** DATA SECTION follows **
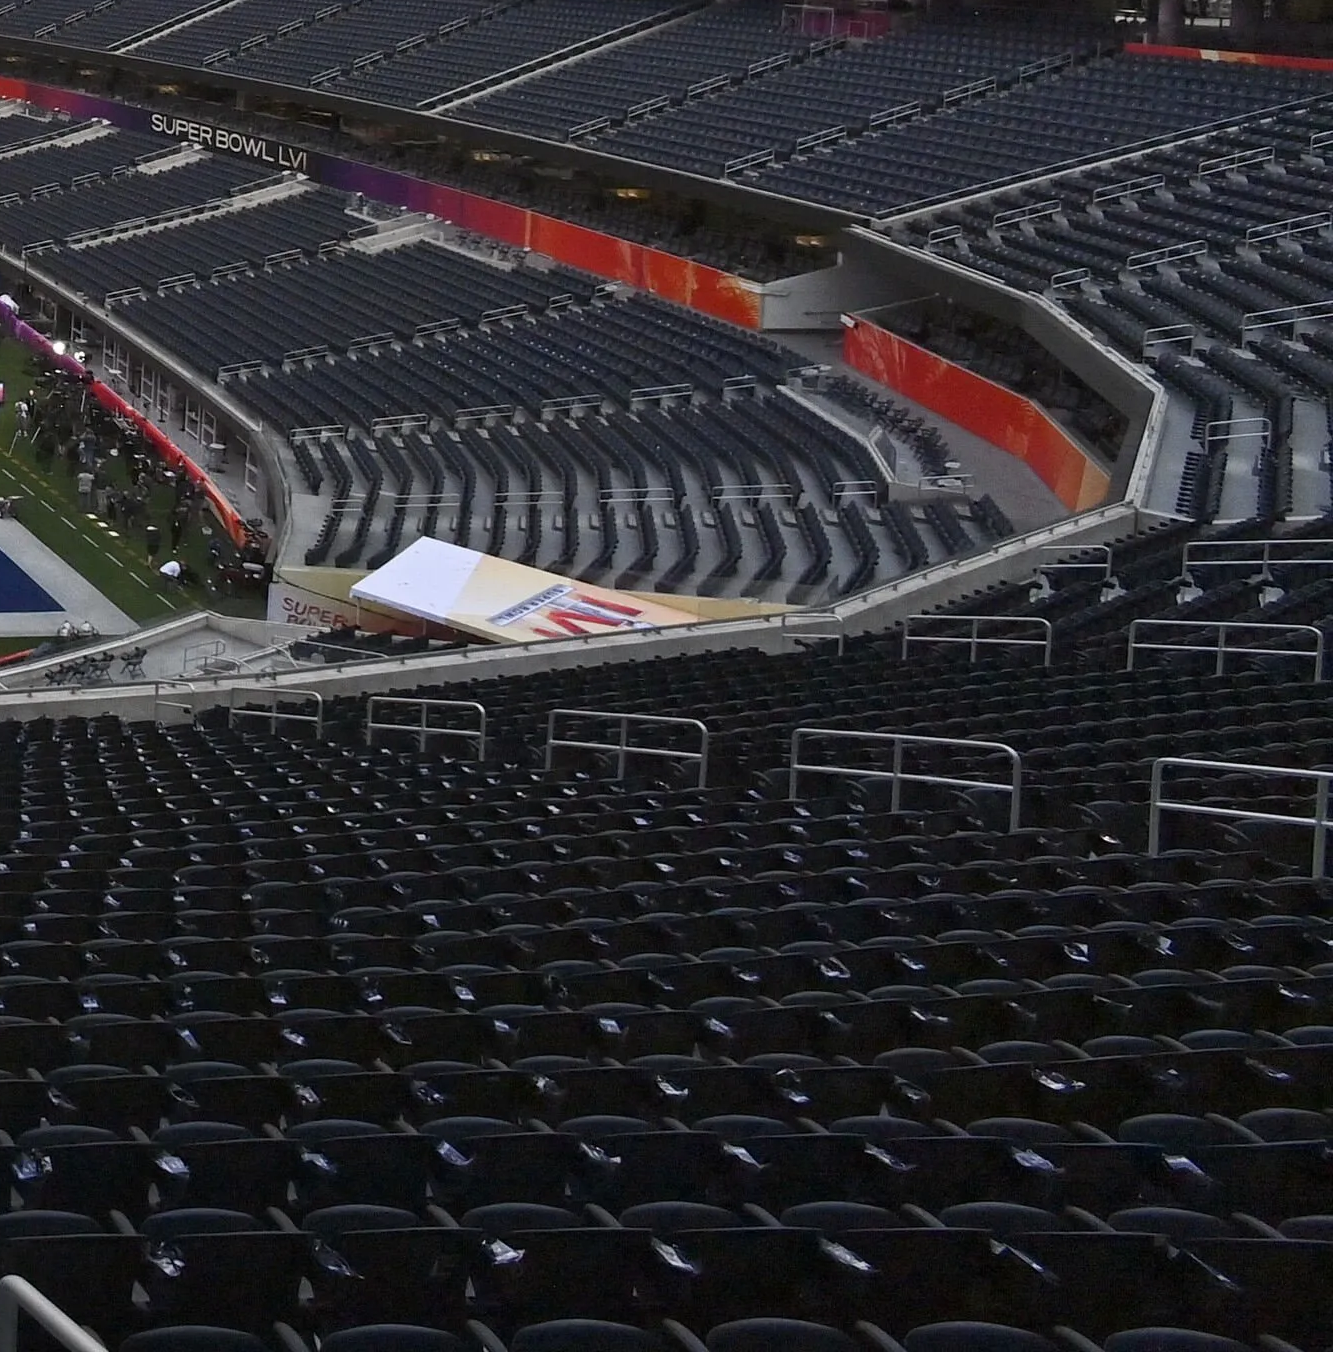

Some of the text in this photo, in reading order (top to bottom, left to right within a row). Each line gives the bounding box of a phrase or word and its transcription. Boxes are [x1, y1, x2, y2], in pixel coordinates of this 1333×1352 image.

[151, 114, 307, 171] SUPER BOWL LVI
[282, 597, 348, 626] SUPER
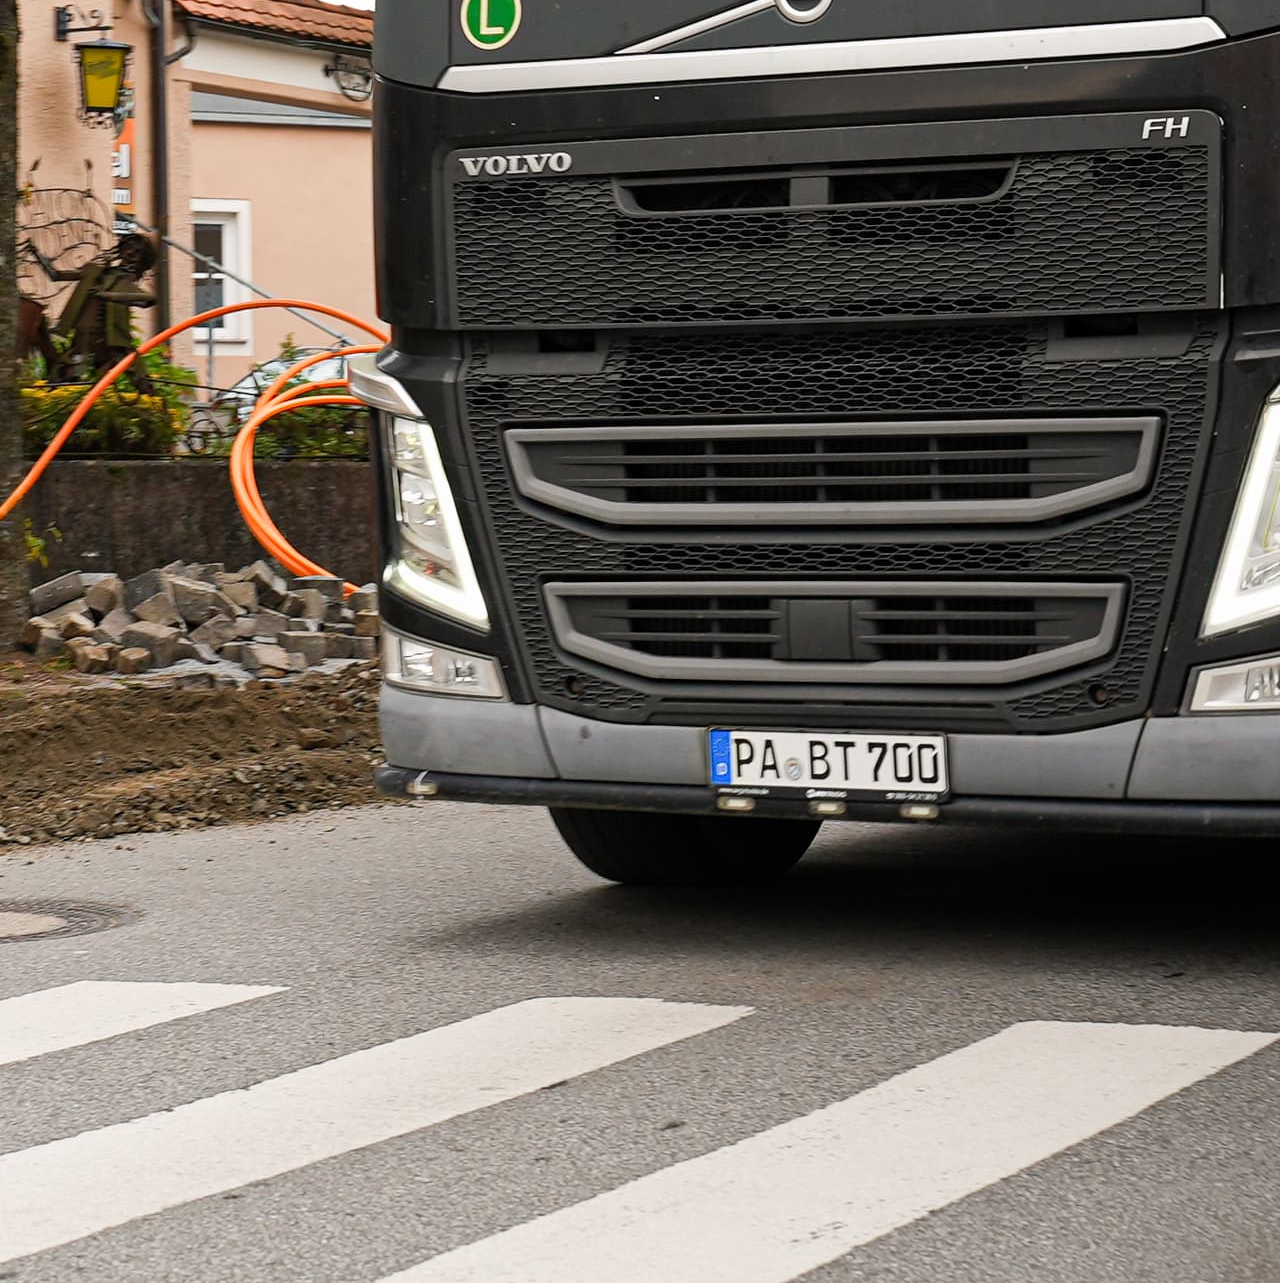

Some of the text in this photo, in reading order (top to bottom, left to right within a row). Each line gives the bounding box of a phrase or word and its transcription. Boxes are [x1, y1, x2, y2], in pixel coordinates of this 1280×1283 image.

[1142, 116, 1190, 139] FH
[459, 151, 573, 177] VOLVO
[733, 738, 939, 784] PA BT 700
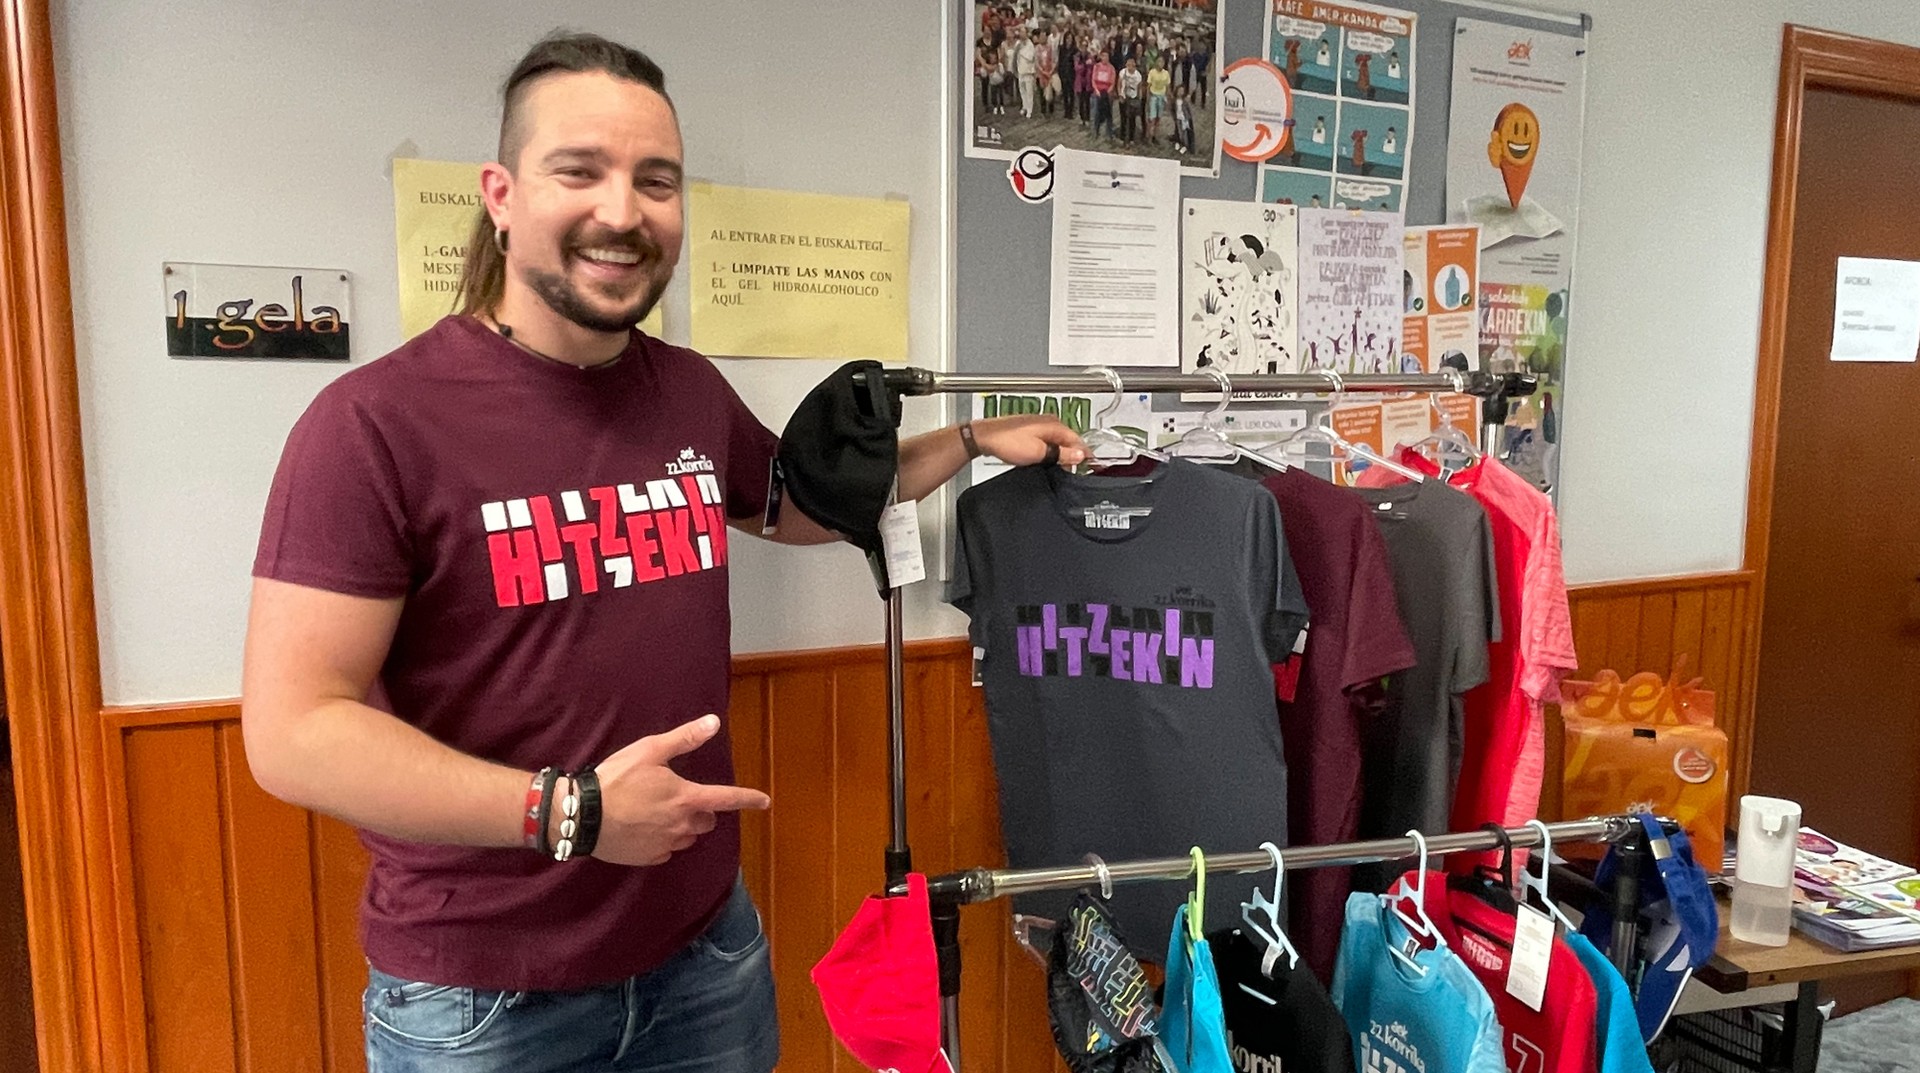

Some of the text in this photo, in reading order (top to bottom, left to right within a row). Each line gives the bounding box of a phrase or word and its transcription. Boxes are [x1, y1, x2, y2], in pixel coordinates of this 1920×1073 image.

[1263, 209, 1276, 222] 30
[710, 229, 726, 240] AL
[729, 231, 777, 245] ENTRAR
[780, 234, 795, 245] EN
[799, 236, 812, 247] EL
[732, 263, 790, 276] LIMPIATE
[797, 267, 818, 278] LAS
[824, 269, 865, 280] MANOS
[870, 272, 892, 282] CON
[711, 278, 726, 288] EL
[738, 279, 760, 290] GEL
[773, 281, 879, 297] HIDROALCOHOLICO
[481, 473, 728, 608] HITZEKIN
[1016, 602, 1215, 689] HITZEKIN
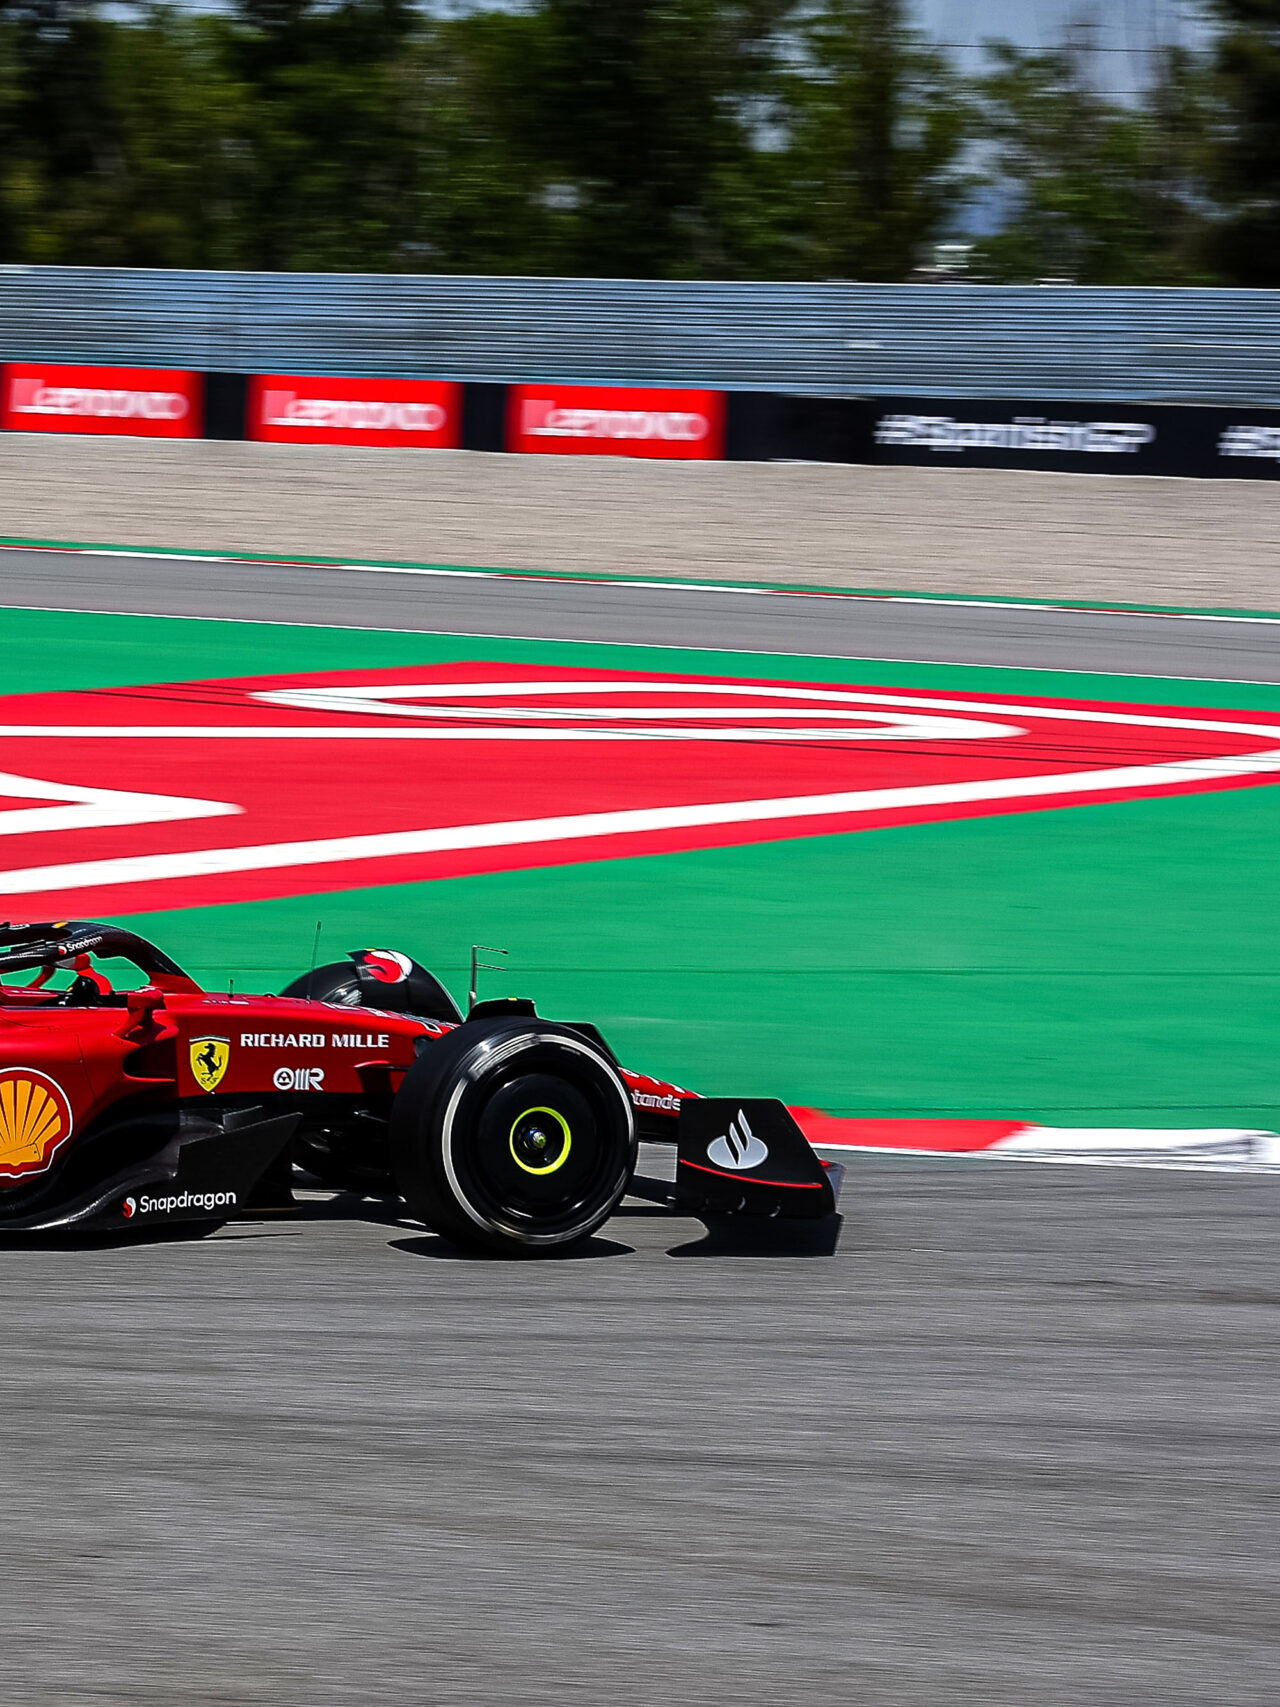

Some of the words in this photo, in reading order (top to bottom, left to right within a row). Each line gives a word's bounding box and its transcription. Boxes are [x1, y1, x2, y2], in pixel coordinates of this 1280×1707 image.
** End of DATA SECTION **
§ TASK DETAILS:
Please copy the data above exactly, omitting the pictures.

§ SOLUTION FOR THIS PROBLEM:
Some of the text in this photo, in reading order (top to bottom, left to right within a row). Each line gives the bounding box of a phrase or word and its transcription. Boxes are [x1, y1, x2, y2], in pixel coordinates of this 1333×1352 image.

[151, 114, 307, 171] SUPER BOWL LVI
[282, 597, 348, 626] SUPER

Some of the text in this photo, in reading order (top to bottom, left to right within a row). Each line gives the bounding box of a phrase or word and its transcription. Boxes are [x1, y1, x2, y2], in pixel coordinates of this 1280×1283 image.

[1142, 116, 1190, 139] FH
[459, 151, 573, 177] VOLVO
[733, 738, 939, 784] PA BT 700

Some of the text in this photo, in reading order (top to bottom, left to right within a row). Each line gives the bounding box of a phrase or word and its transcription. Boxes are [x1, y1, x2, y2], in pixel coordinates of this 1920×1073 image.

[1263, 209, 1276, 222] 30
[710, 229, 726, 240] AL
[729, 231, 777, 245] ENTRAR
[780, 234, 795, 245] EN
[799, 236, 812, 247] EL
[732, 263, 790, 276] LIMPIATE
[797, 267, 818, 278] LAS
[824, 269, 865, 280] MANOS
[870, 272, 892, 282] CON
[711, 278, 726, 288] EL
[738, 279, 760, 290] GEL
[773, 281, 879, 297] HIDROALCOHOLICO
[481, 473, 728, 608] HITZEKIN
[1016, 602, 1215, 689] HITZEKIN

Some of the words in this photo, in reading order (top to bottom, left to right within a row). Each line gives a word's bounding box and its transcription. Boxes are [x1, y1, x2, y2], in pixel coordinates of this 1280×1707 image.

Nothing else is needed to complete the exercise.